Pushing himself to his feet, Piero shouldered his wet rifle and scanned the water for a target. Antonio was already gone, pulled under the surface again.
Piero paced at the edge of the river, eyes flitting from the sky to the water. The winged juvenile had vanished in the darkness, but he could still hear the sound of its wings.
“Piero!” Antonio screamed. He had reemerged again ten feet to the right, gasping for air. “Help me!”
Before Piero had covered half the distance to his friend, the abomination from the sky swooped down and grabbed Antonio’s head with a pair of talon-tipped feet.

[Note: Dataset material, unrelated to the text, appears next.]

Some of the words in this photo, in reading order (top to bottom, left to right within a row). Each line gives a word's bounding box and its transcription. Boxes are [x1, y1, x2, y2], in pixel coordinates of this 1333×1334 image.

It yanked him from the water, away from the grasp of its hungry brothers and sisters.
The pale, armored body of a seven-foot-long juvenile shot out of the water, reaching for Antonio’s feet. It grabbed his right leg and pulled even as the winged juvenile rose into the air.
Piero watched in horror as the two juveniles pulled in opposite directions. Antonio screamed in agony. There was only one thing he could do now. A moment before Antonio was ripped in half, Piero put a bullet in his brother’s brain.

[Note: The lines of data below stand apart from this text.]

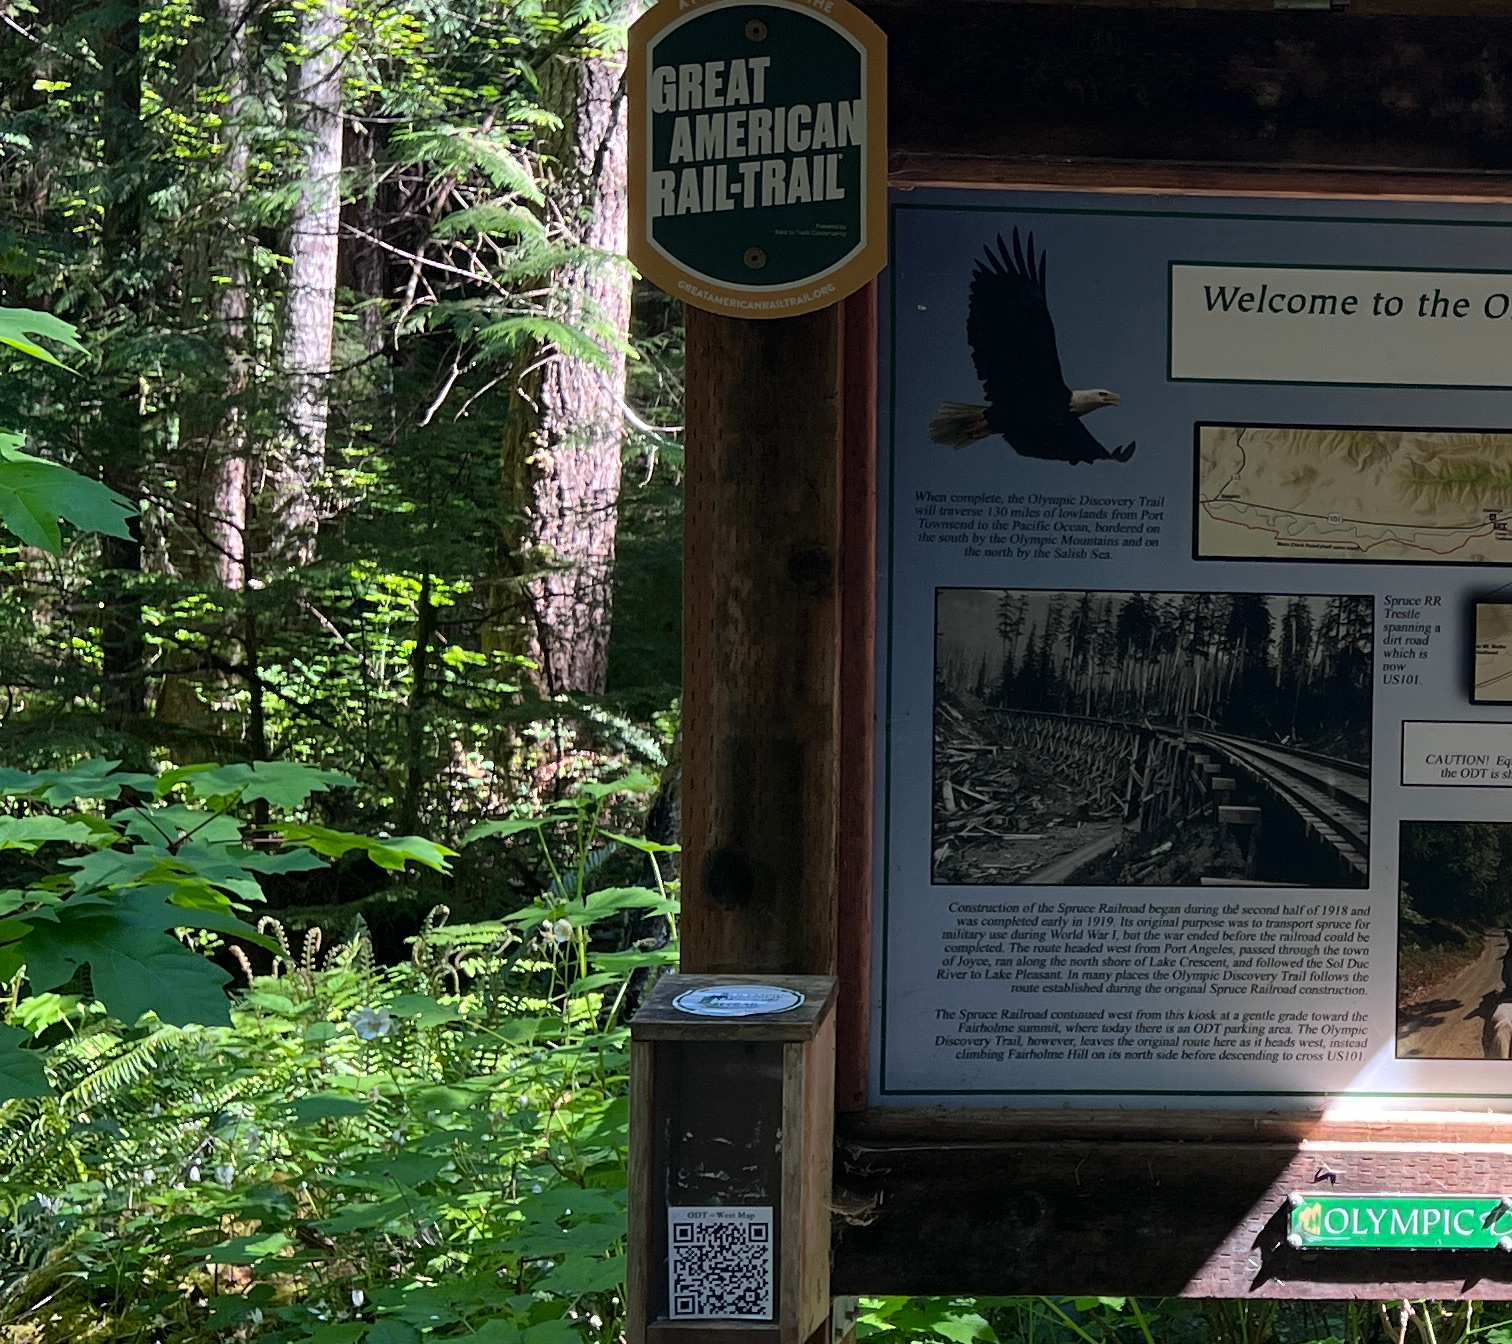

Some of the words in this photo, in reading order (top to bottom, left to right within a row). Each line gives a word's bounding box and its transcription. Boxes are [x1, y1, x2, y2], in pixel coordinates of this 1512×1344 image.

[679, 0, 689, 10] A
[651, 55, 771, 114] GREAT
[669, 98, 863, 165] AMERICAN
[677, 280, 837, 310] GREATAMERICANRAILTRAIL.ORG
[1203, 283, 1359, 317] Welcome
[1372, 291, 1404, 317] to
[1417, 288, 1471, 319] the
[915, 491, 946, 503] When
[948, 492, 1003, 507] complete,
[1007, 493, 1024, 504] the
[1027, 494, 1075, 508] Olympic
[1079, 495, 1136, 509] Discovery
[1136, 496, 1164, 507] Trail
[1383, 595, 1422, 608] Spruce
[1423, 595, 1442, 607] RR
[1384, 608, 1421, 619] Trestle
[1382, 623, 1432, 635] spanning
[1434, 624, 1441, 633] a
[1382, 635, 1402, 646] dirt
[1405, 635, 1430, 646] road
[1384, 648, 1416, 659] which
[1419, 650, 1428, 659] is
[1382, 663, 1407, 672] now
[1425, 755, 1489, 766] CAUTION!
[1440, 768, 1457, 778] the
[1460, 768, 1488, 778] ODT
[1490, 768, 1499, 779] is
[948, 902, 1019, 914] Construction
[1022, 903, 1035, 914] of
[1037, 903, 1054, 914] the
[1057, 903, 1095, 917] Spruce
[1098, 904, 1145, 914] Railroad
[1148, 904, 1180, 918] began
[1183, 904, 1218, 918] during
[1222, 904, 1239, 915] the
[1241, 905, 1279, 915] second
[1282, 905, 1306, 916] half
[1306, 905, 1321, 916] of
[1321, 905, 1348, 916] 1918
[1350, 906, 1370, 916] and
[980, 916, 1038, 930] completed
[1040, 916, 1068, 930] early
[1071, 917, 1082, 927] in
[1120, 917, 1133, 928] Its
[1136, 917, 1178, 931] original
[1181, 921, 1224, 931] purpose
[1251, 918, 1262, 928] to
[1265, 918, 1313, 932] transport
[1315, 922, 1351, 932] spruce
[1354, 919, 1370, 929] for
[687, 1211, 708, 1219] ODT
[716, 1211, 736, 1219] West
[737, 1211, 756, 1220] Map
[1323, 1207, 1476, 1237] OLYMPIC

Antonio had always said he intended to die with a smile on his face. He wasn’t smiling now, his expression a bloody mask of horror. Half his body was pulled into the sky while the other half was yanked under the water.
Sickened, Piero stepped back, tripped over an abandoned bicycle, and dropped his rifle. He tried to feel something, but there was only numbness. He gasped for air and tried to make himself move, realizing that he would be next if he didn’t. The open maintenance door was only a short jog away. He darted through and locked it behind him. Placing his back against the rusted metal, he closed his eyes, trying desperately to breathe, to block out what had just happened.
What he had just done.
No, he thought. This can’t be happening.
Darkness shrouded him, close and suffocating. There was water in his lungs still. He tried not to cough, but he couldn’t hold back. He choked, bent over, and spat water onto the ground. Gagging, he threw up what little food had been in his stomach.
He wiped his mouth with one hand and reached up for his NVGs with the other. His fingers scraped against his helmet. The goggles were gone, lost in the Tiber. At least his rifle had NVG optics.
Piero cursed under his breath.
In the chaos, he had forgotten the rifle outside.
Alone, unarmed, and in complete darkness, Sergeant Piero Angaran shuffled down the tunnel. He held up his hands and felt for the damp wall to guide him. A second later, something hit the metal door behind him.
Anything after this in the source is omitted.